- Opening Delimiter -

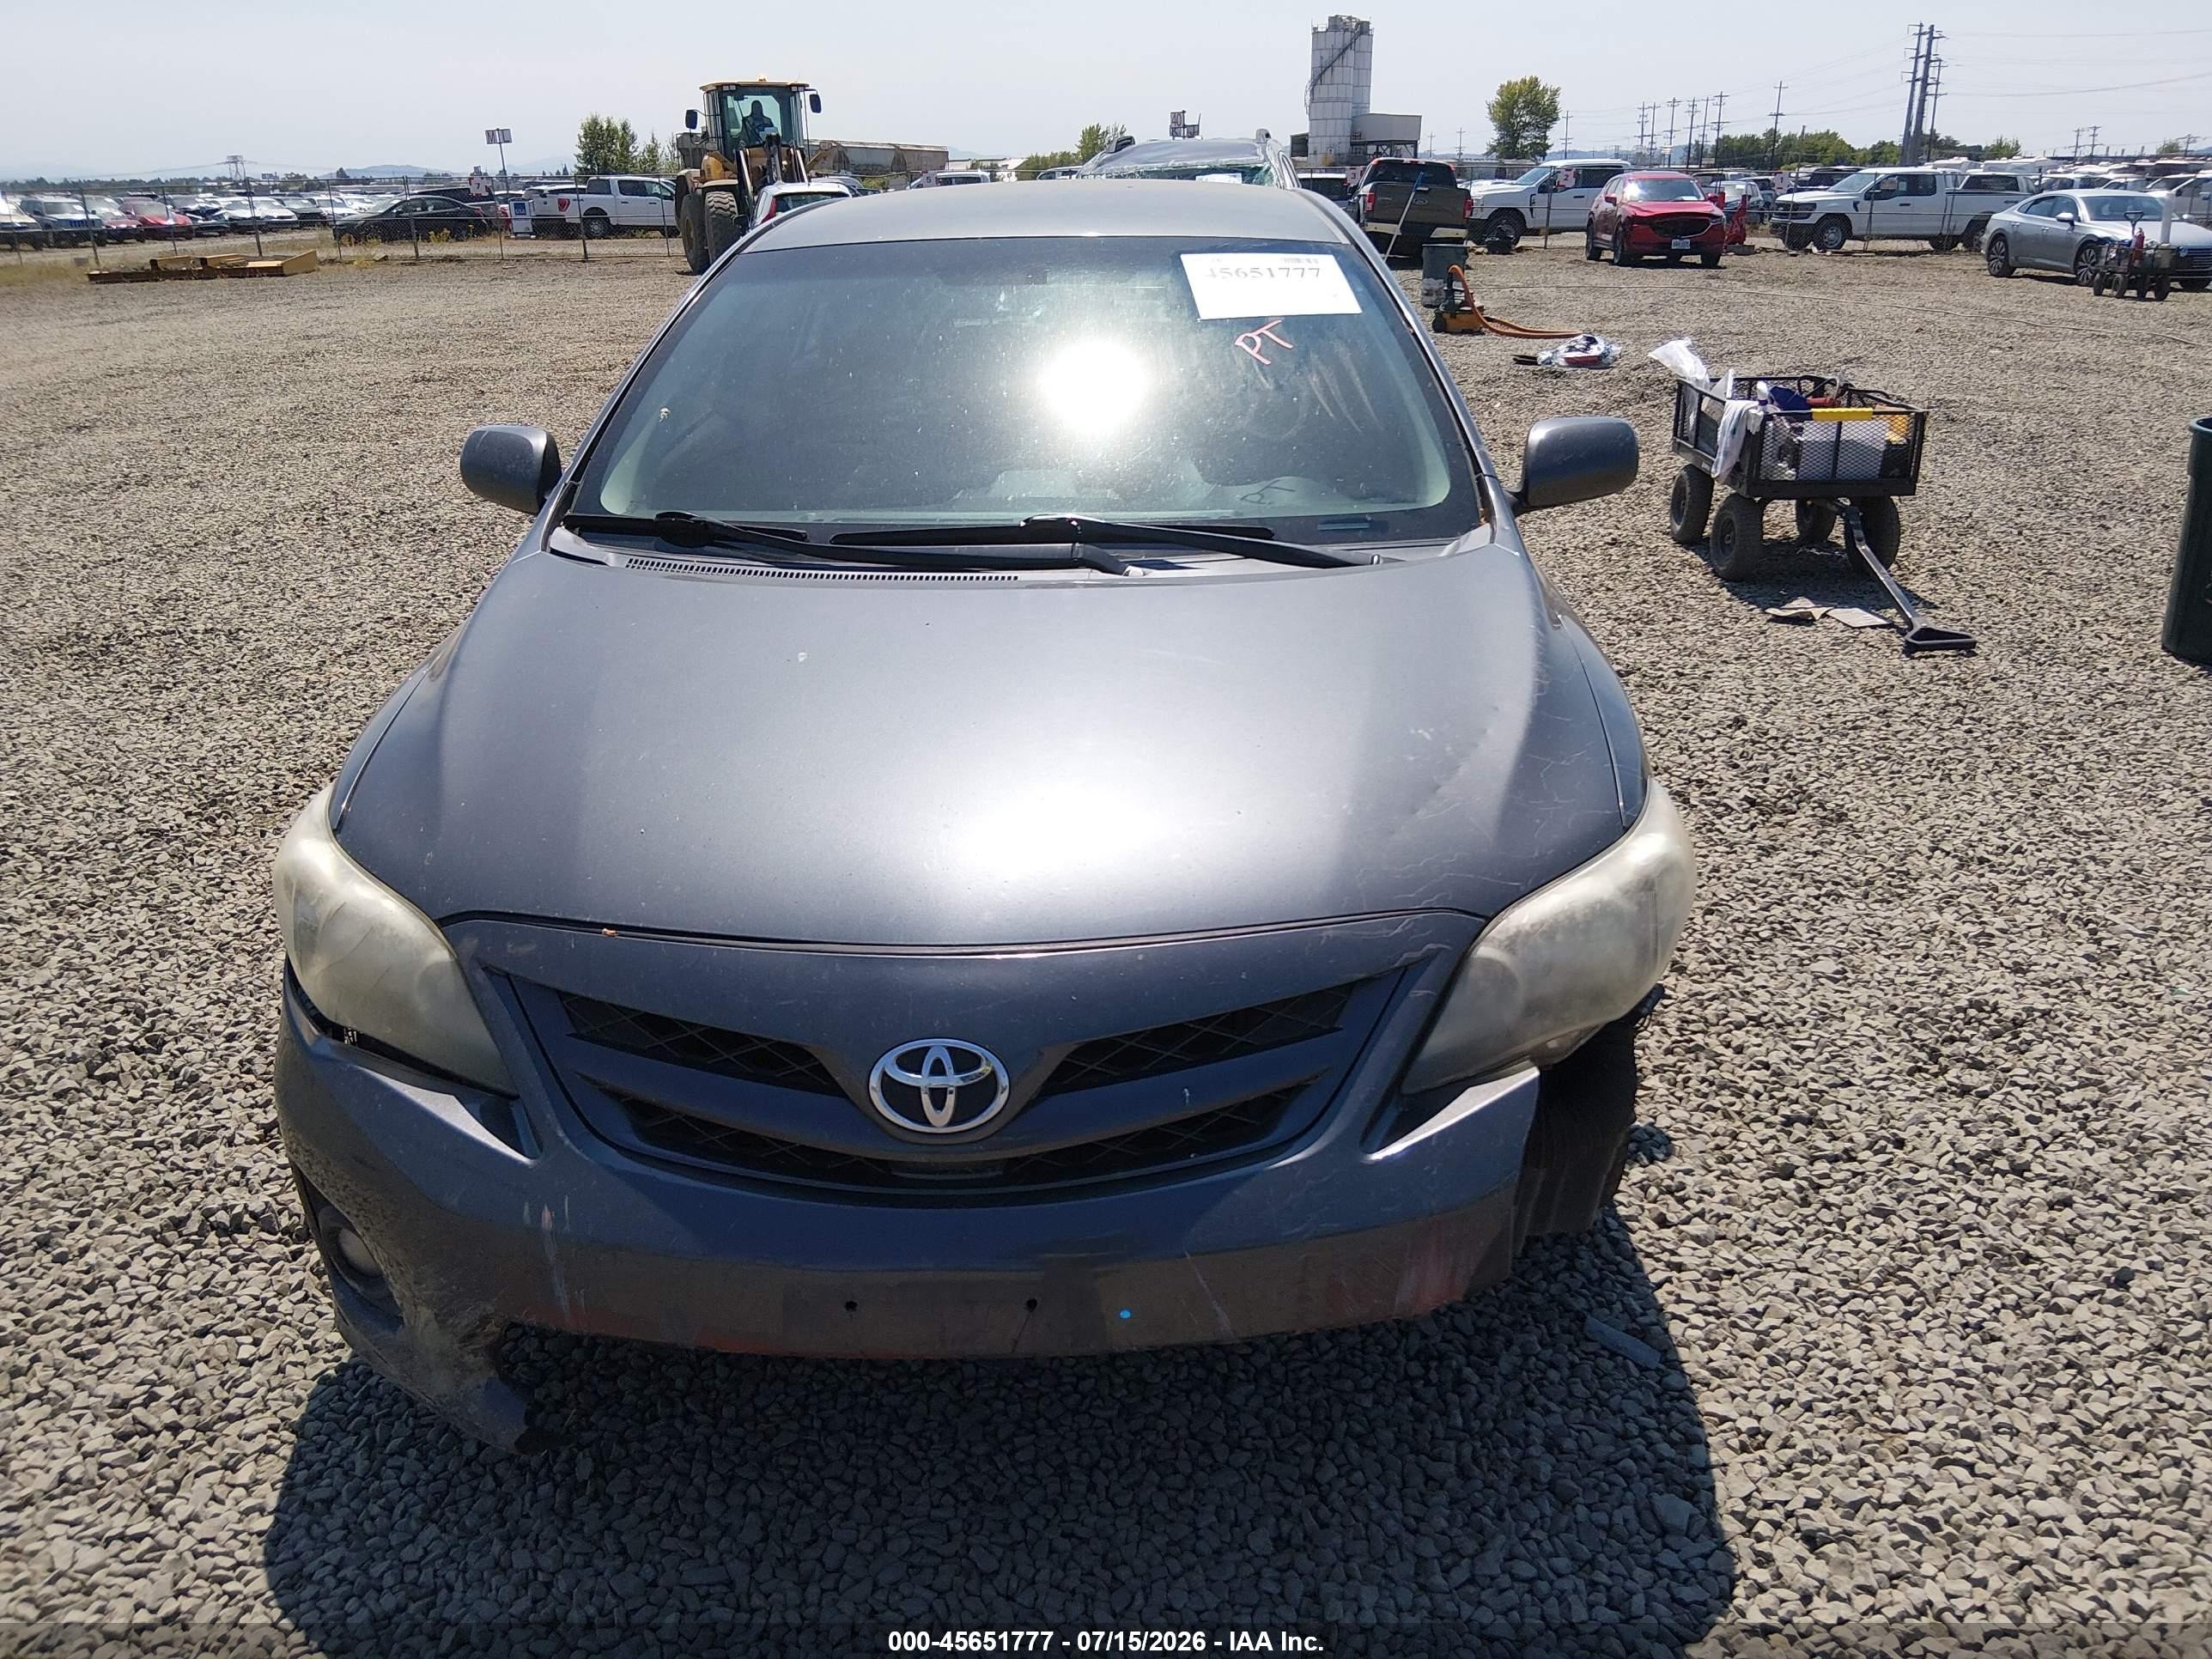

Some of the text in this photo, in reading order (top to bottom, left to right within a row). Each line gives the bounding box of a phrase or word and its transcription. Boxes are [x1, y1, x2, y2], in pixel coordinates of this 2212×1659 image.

[1171, 113, 1182, 126] 40
[487, 131, 497, 144] M
[1171, 127, 1178, 137] K
[1235, 320, 1294, 365] PT

- Closing Delimiter -

Restate the material above word for word; pictures do not belong in the copy.

Some of the text in this photo, in reading order (top to bottom, left to right within a row). Each line gives the bounding box of a phrase or word and its transcription. Boxes are [x1, y1, x2, y2], in pixel coordinates of this 2212×1659 image.

[1171, 113, 1182, 126] 40
[487, 131, 497, 144] M
[1171, 127, 1178, 137] K
[1235, 320, 1294, 365] PT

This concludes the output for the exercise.